Have you ever noticed that working your core is a totally different uncomfortable than working, say, your thighs or biceps? There's something about this group of muscles that incites an extremely emotional reaction. I lived in that layer of energetic garbage for a while every time I got on the floor and worked it: the shaking belly, the frustration, the rage, the wondering when I would ever get stronger and WHO CERTIFIED THIS YOGA TEACHER TO BE SUCH A STUPID JERK?!
Then, one day, I did get stronger. Once I realized I wasn't the only one feeling this way, I relaxed into the work of it and it actually started to feel good. I started to feel more connected to my strength and willpower, my ability to get things done, to stand up for myself (or on my head) and yes, even to return to those poses that still make me shake.
And shaking is a funny thing—it will still sometimes happen if you've been doing core work for 15 years. It means a small muscle somewhere inside of you is trying to turn on but can't remember how. (Here's a trick I used once in Dolphin Plank Pose that changed it for me fundamentally: I clenched my belly muscles as hard as I could until I started shaking like a madman, and relaxed back into the pose, and the shaking stopped. I told the muscles what to do, and then relaxed and let them do it.)
And the energetic garbage in our bellies is kind of like that too: It's trying to remember how to do what it's supposed to do, but it's been so long buried down that it can't remember.

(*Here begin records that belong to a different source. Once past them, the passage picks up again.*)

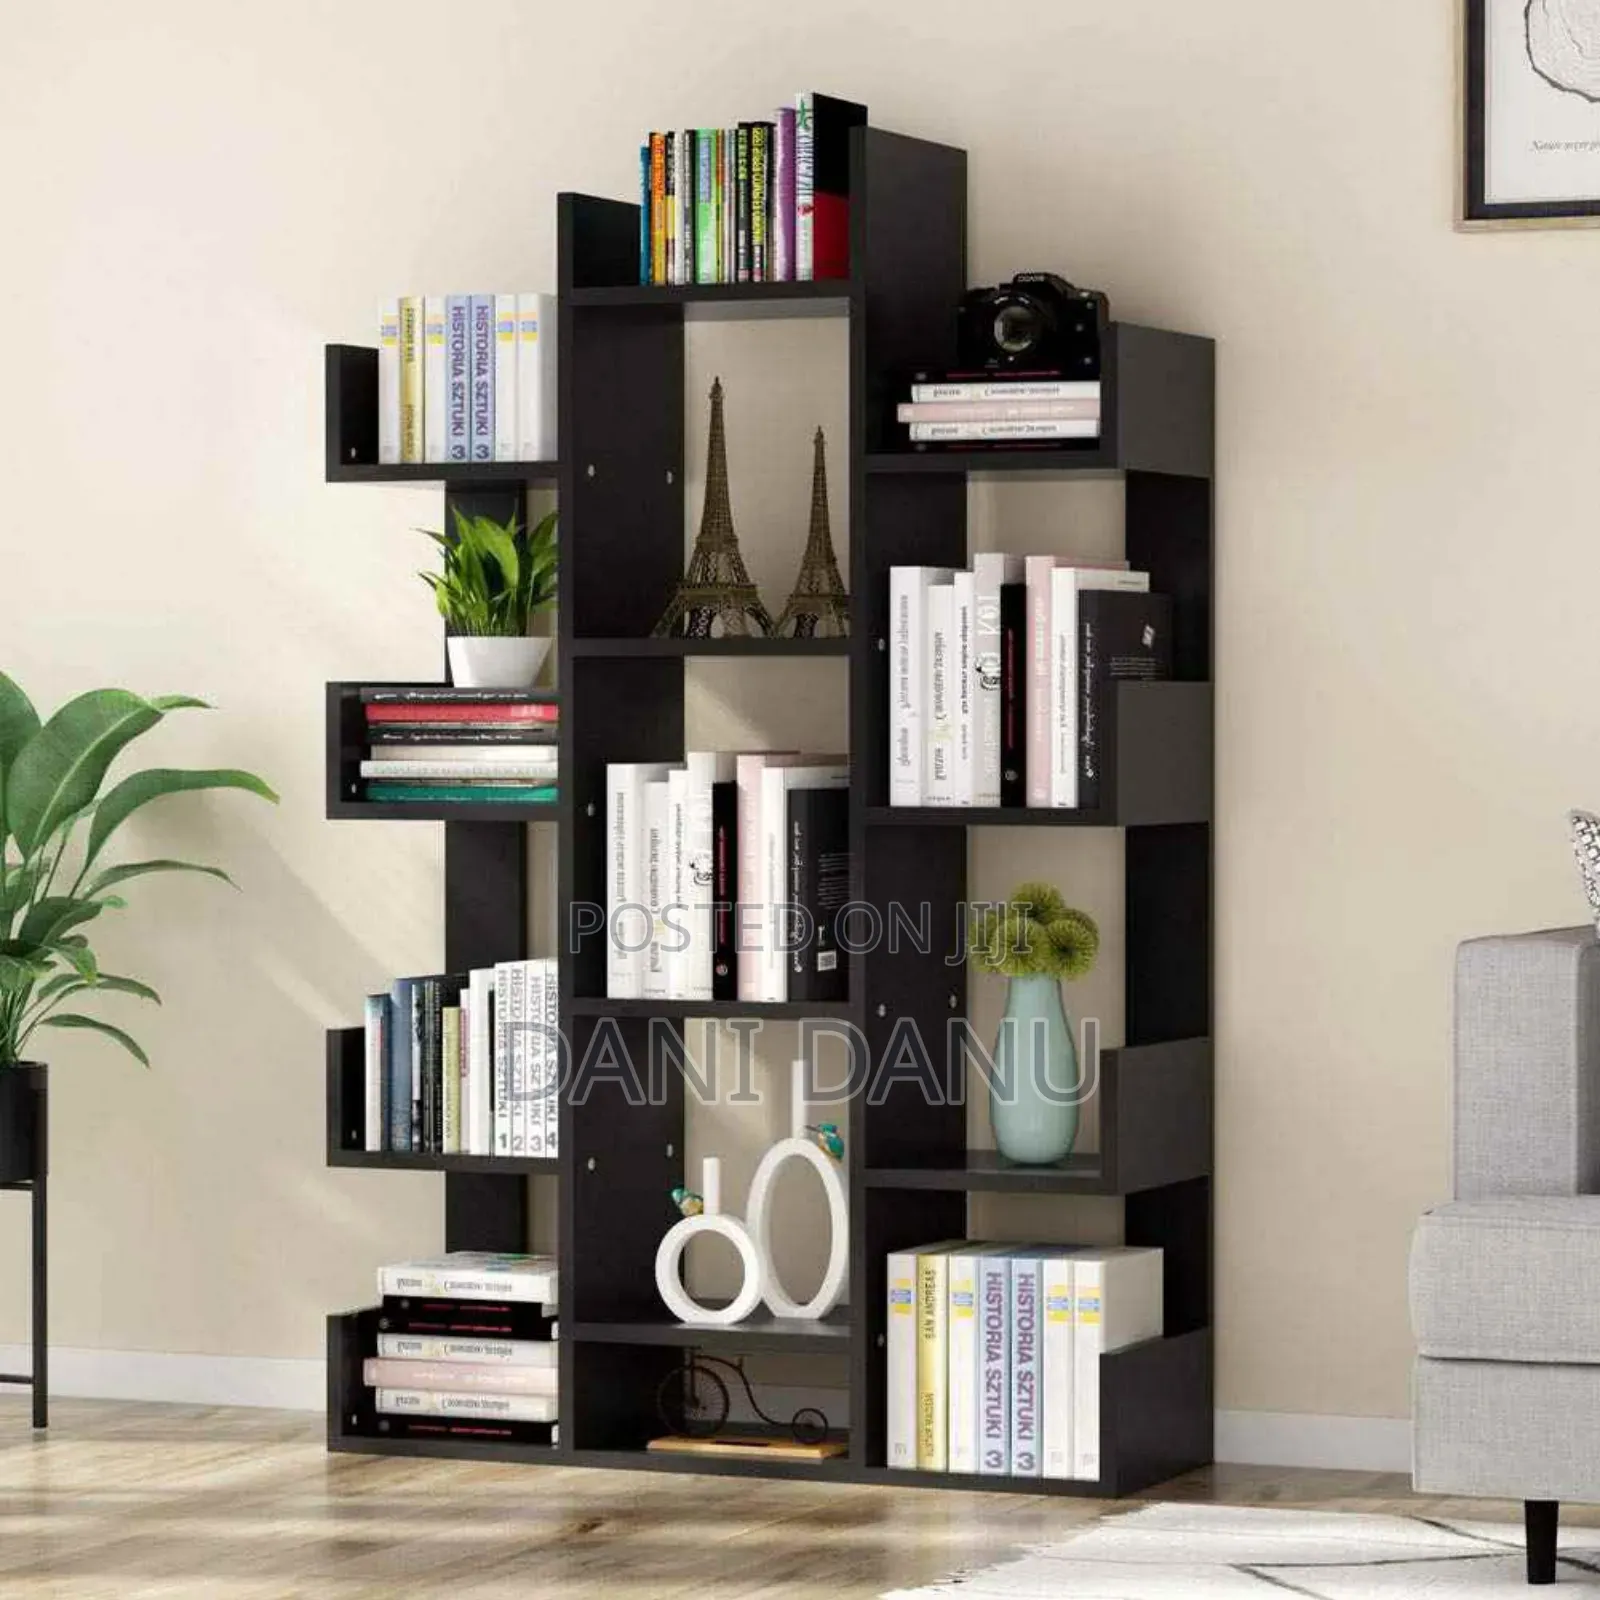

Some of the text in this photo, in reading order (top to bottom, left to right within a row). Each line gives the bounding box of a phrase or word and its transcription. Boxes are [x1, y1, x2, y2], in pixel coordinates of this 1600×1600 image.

[451, 306, 466, 460] HISTORIA SZTUKI 3
[475, 305, 489, 460] HISTORIA SZTUKI 3
[497, 1133, 509, 1150] 1
[511, 1136, 523, 1151] 2
[530, 1136, 541, 1152] 3
[545, 1132, 557, 1149] 4
[924, 1269, 936, 1339] SAN ANDREAS
[985, 1272, 1003, 1469] HISTORIA SZTUKI 3
[1017, 1273, 1035, 1471] HISTORIA SZTUKI 3

All of our lower chakras live in the belly. Chakras are centers of energy in the body that correspond to different physical and emotional states, and the lower ones all relate to our individual, personal, physical experience in the world.

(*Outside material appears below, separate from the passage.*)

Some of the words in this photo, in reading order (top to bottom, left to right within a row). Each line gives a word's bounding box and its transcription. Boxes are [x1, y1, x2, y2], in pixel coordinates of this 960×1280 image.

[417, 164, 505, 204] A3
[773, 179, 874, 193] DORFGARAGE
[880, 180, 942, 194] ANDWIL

At the pelvic bowl, in the perineum/genital area and into the inner thighs (and not coincidentally right where mulabandha, the yogic "bandha" or energetic lock lives) is Muladhara, where we carry our sense of survival, basic instincts and needs, sense of home and rootedness, as well as our most basic fears.
In the lower belly, connected to the hips, and just under the navel is Svadisthana Chakra, whose name means "sweetness." This chakra is not one that gets a lot of love in our culture: we are talking desire, pleasure, sensuality and sexuality, taste, emotion, and intuition. Our culture's not that cool about sexuality in general, and we often swallow sexual guilt and trauma and leave it here to leak into the hips (yogic "fact": women who have been sexually traumatized often carry extra weight around the hips, as if to protect their sexual centers. See Debbie Shapiro, Your Body Speaks Your Mind). The shame and guilt and pleasure and joy are all jumbled up together in there, and it can be an interesting experience to begin to explore these spaces.
Around the solar plexus, above or right at the navel is Manipura Chakra, or "the lustrous gem." This is our willpower, sense of identity, our ability to manifest the desires and dreams that grow from Svadisthana chakra. This is our ego, our sense of who we are in the world, our ability to stand up for ourselves, but also our insecurities and feelings of powerlessness against a world that mostly controls us, not the other way around. Stimulating this chakra can get us fired up to take care of business, but it can also stir up our rage against the machine.
We spend so much of our time holding our bellies in or clenching our pelvic floors because we are stressed and scared and don't even know how to relax. We swallow down experiences we can't fully process and hide them in our bellies, trying to make them smaller and harder and less vulnerable. But bellies are meant to be soft: there's a reason these organs are not encased in bone like our lungs and our brain. They are meant to be massaged and explored and twisted and stretched and released. When core work is done correctly, it can wake up sleeping muscles and release what's overworked and holding emotion. Which is why, on that tenth Yogi Bicycle, you start to want to kick your yoga teacher in the teeth.
Please don't kick me in the teeth, though. Take a deep breath and let it come. Relax your belly and allow yourself to feel. Then get back on the bicycle and get to know your belly. It just might be trying to tell you something.